Your assignment
Please return each entry that follows exactly as written, and keep the pictures out.

Material supplied below:

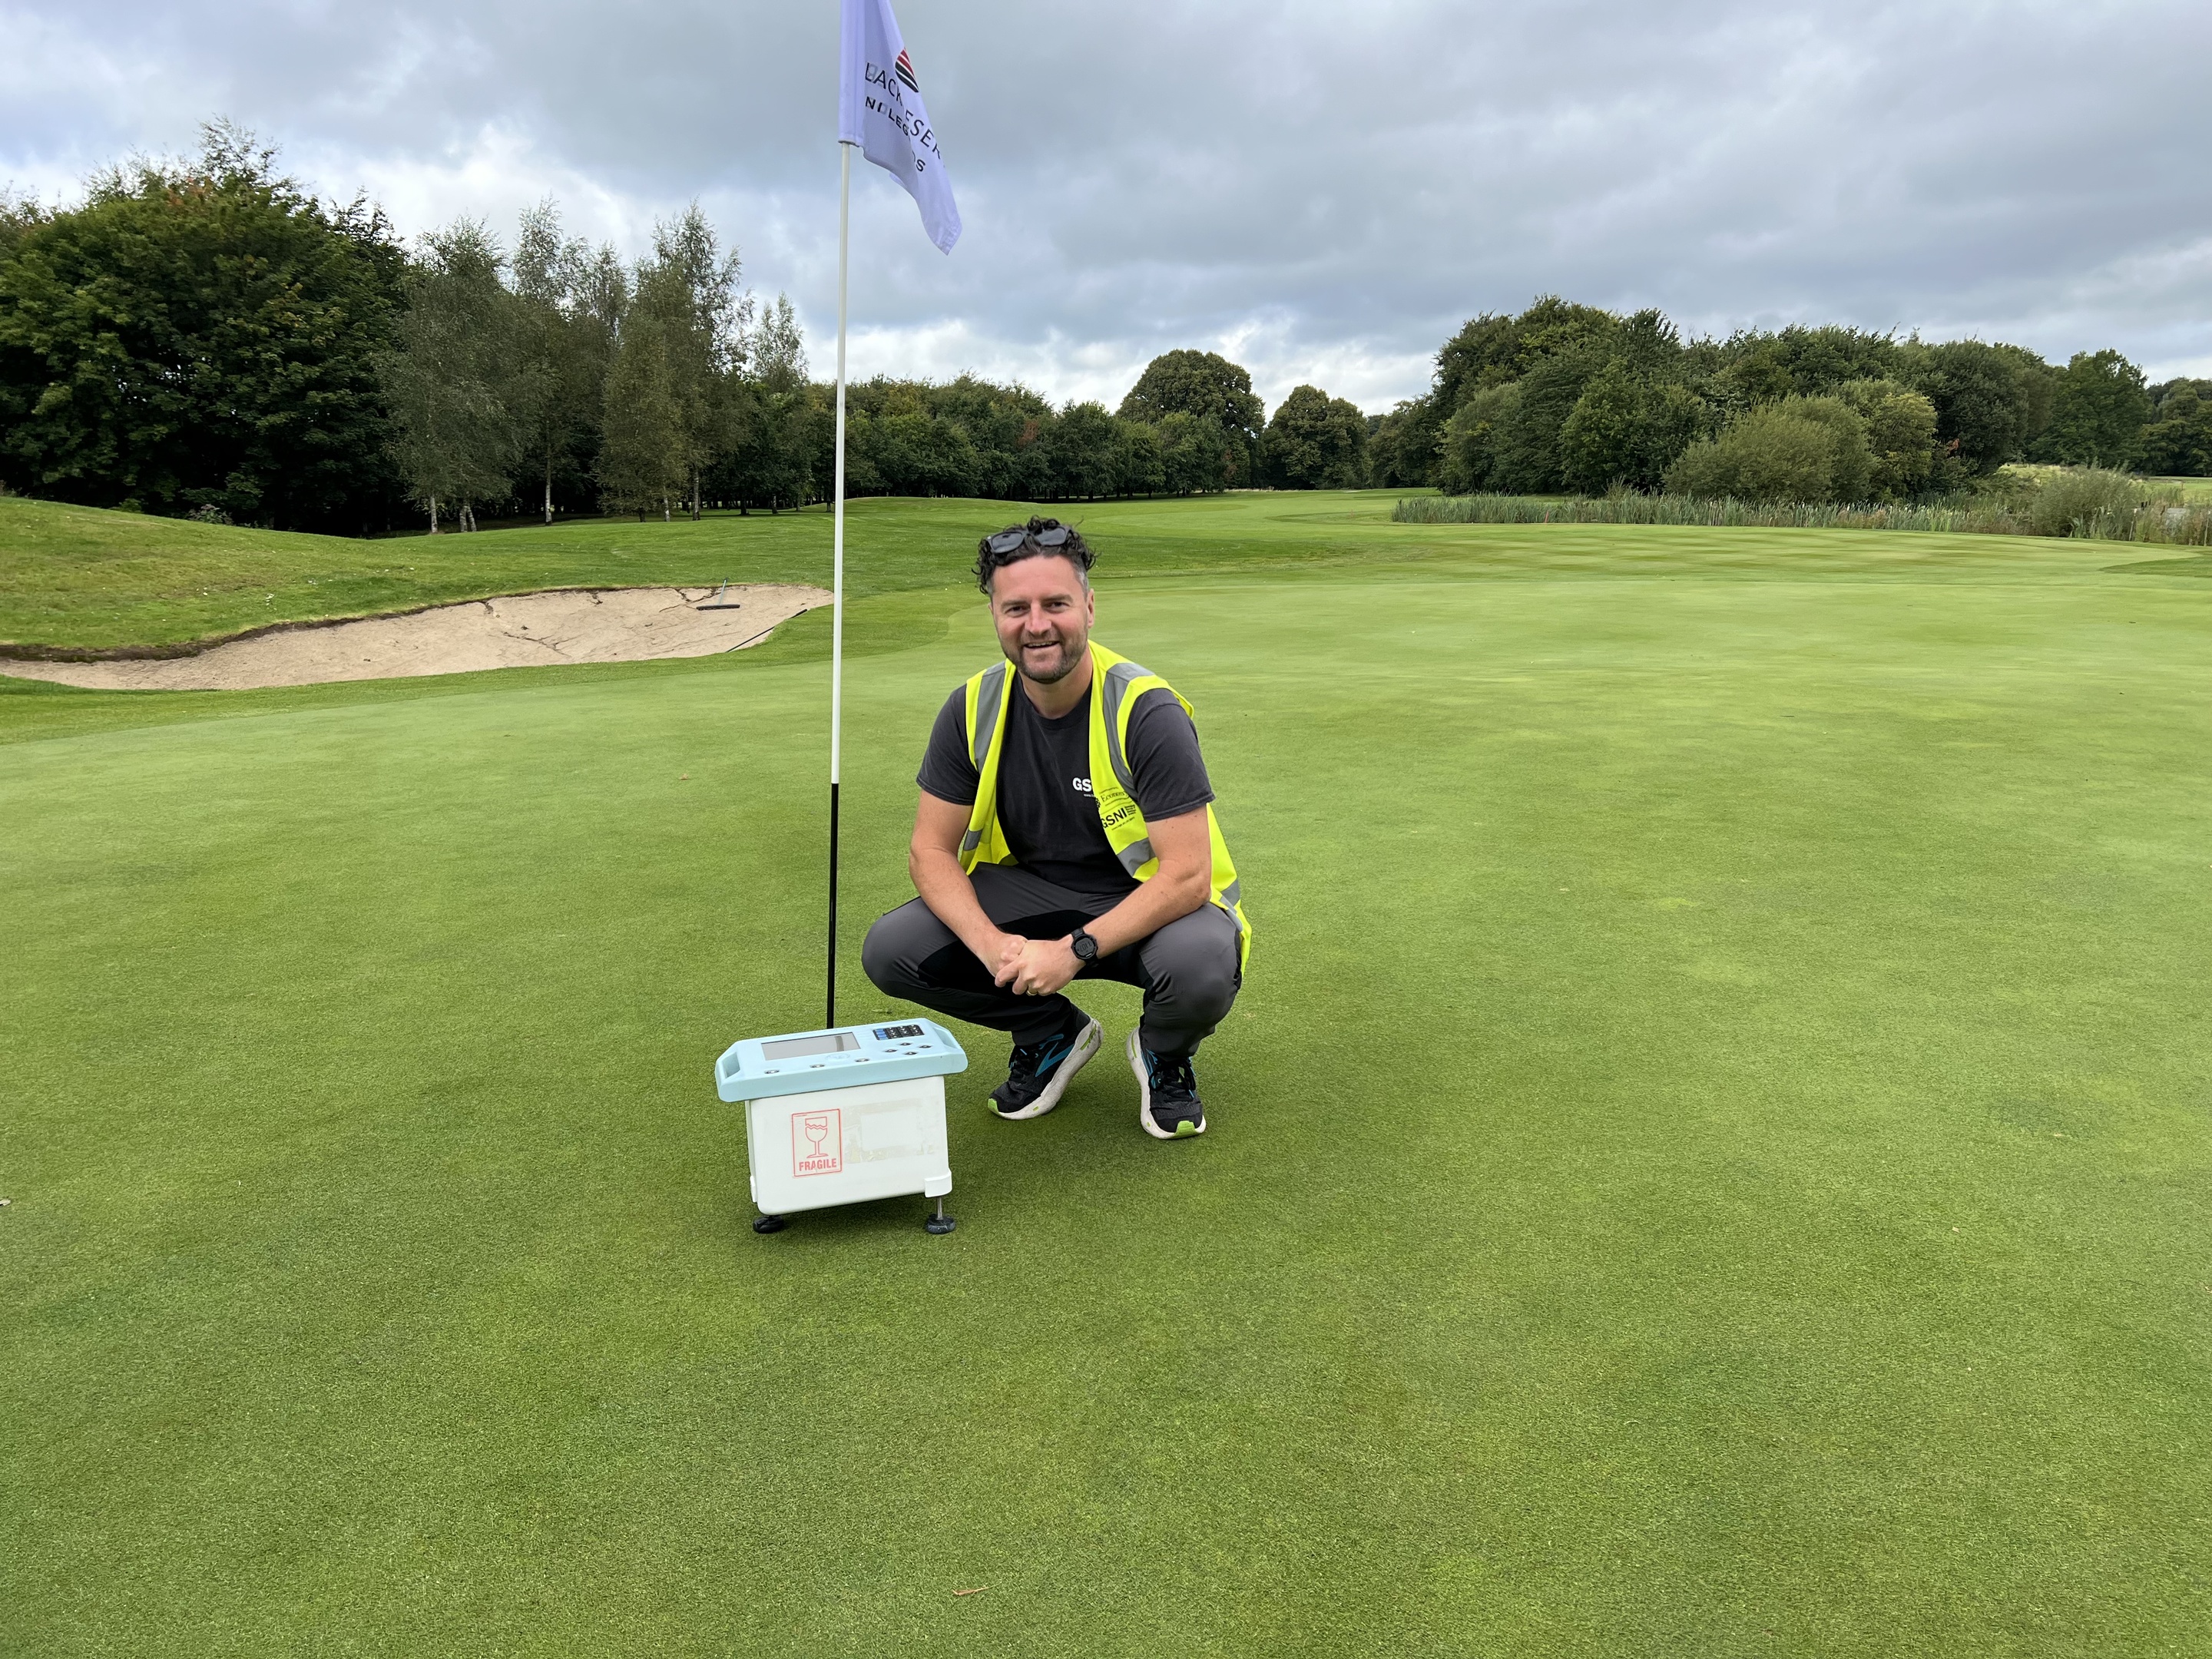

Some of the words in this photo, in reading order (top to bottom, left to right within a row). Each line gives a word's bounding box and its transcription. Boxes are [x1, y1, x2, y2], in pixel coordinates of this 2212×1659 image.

[865, 62, 902, 106] LACK
[1072, 777, 1091, 792] GS
[1101, 808, 1127, 828] GSNI
[799, 1158, 837, 1171] FRAGILE

End of Material supplied.

Exercise output
Some of the words in this photo, in reading order (top to bottom, left to right within a row). Each line gives a word's bounding box and its transcription. Boxes are [x1, y1, x2, y2], in pixel coordinates of this 2212×1659 image.

[865, 62, 902, 106] LACK
[1072, 777, 1091, 792] GS
[1101, 808, 1127, 828] GSNI
[799, 1158, 837, 1171] FRAGILE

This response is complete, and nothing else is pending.